• _Task requirements_
From the first line to the last, set down the data exactly as given.

Phrase grounding data

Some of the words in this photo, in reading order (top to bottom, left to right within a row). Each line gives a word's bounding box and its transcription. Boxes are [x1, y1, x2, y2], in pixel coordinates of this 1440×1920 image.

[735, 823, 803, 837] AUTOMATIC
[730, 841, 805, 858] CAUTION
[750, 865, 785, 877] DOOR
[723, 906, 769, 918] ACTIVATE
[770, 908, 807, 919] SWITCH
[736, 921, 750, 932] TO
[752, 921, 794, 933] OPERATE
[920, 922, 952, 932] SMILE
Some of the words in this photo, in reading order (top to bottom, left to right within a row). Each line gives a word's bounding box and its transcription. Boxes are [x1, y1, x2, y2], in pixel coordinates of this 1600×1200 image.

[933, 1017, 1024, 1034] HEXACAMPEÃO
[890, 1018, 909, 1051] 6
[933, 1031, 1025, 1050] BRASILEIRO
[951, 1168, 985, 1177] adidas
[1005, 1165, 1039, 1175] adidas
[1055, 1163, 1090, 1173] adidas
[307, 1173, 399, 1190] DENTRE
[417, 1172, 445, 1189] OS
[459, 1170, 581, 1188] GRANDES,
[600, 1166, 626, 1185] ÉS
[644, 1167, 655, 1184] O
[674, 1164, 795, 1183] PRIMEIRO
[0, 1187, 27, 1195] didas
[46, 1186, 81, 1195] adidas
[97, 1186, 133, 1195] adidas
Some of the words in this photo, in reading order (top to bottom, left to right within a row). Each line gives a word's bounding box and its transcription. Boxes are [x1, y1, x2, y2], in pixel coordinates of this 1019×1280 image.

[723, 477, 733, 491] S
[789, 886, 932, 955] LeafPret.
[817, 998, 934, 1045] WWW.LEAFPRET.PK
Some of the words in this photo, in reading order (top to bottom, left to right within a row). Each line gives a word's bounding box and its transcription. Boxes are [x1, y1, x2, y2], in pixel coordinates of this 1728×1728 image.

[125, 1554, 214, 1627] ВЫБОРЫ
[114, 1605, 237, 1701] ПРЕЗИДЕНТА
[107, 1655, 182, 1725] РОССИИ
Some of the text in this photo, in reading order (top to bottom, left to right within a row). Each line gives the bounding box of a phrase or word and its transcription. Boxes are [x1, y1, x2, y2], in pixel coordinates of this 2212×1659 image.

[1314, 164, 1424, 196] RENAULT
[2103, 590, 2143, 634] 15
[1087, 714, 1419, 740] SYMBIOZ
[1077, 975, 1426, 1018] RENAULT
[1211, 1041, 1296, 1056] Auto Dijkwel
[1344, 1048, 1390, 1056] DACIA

• _Answer space_
Some of the words in this photo, in reading order (top to bottom, left to right within a row). Each line gives a word's bounding box and its transcription. Boxes are [x1, y1, x2, y2], in pixel coordinates of this 1440×1920 image.

[735, 823, 803, 837] AUTOMATIC
[730, 841, 805, 858] CAUTION
[750, 865, 785, 877] DOOR
[723, 906, 769, 918] ACTIVATE
[770, 908, 807, 919] SWITCH
[736, 921, 750, 932] TO
[752, 921, 794, 933] OPERATE
[920, 922, 952, 932] SMILE
Some of the words in this photo, in reading order (top to bottom, left to right within a row). Each line gives a word's bounding box and its transcription. Boxes are [x1, y1, x2, y2], in pixel coordinates of this 1600×1200 image.

[933, 1017, 1024, 1034] HEXACAMPEÃO
[890, 1018, 909, 1051] 6
[933, 1031, 1025, 1050] BRASILEIRO
[951, 1168, 985, 1177] adidas
[1005, 1165, 1039, 1175] adidas
[1055, 1163, 1090, 1173] adidas
[307, 1173, 399, 1190] DENTRE
[417, 1172, 445, 1189] OS
[459, 1170, 581, 1188] GRANDES,
[600, 1166, 626, 1185] ÉS
[644, 1167, 655, 1184] O
[674, 1164, 795, 1183] PRIMEIRO
[0, 1187, 27, 1195] didas
[46, 1186, 81, 1195] adidas
[97, 1186, 133, 1195] adidas
Some of the words in this photo, in reading order (top to bottom, left to right within a row). Each line gives a word's bounding box and its transcription. Boxes are [x1, y1, x2, y2], in pixel coordinates of this 1019×1280 image.

[723, 477, 733, 491] S
[789, 886, 932, 955] LeafPret.
[817, 998, 934, 1045] WWW.LEAFPRET.PK
Some of the words in this photo, in reading order (top to bottom, left to right within a row). Each line gives a word's bounding box and its transcription. Boxes are [x1, y1, x2, y2], in pixel coordinates of this 1728×1728 image.

[125, 1554, 214, 1627] ВЫБОРЫ
[114, 1605, 237, 1701] ПРЕЗИДЕНТА
[107, 1655, 182, 1725] РОССИИ
Some of the text in this photo, in reading order (top to bottom, left to right within a row). Each line gives the bounding box of a phrase or word and its transcription. Boxes are [x1, y1, x2, y2], in pixel coordinates of this 2212×1659 image.

[1314, 164, 1424, 196] RENAULT
[2103, 590, 2143, 634] 15
[1087, 714, 1419, 740] SYMBIOZ
[1077, 975, 1426, 1018] RENAULT
[1211, 1041, 1296, 1056] Auto Dijkwel
[1344, 1048, 1390, 1056] DACIA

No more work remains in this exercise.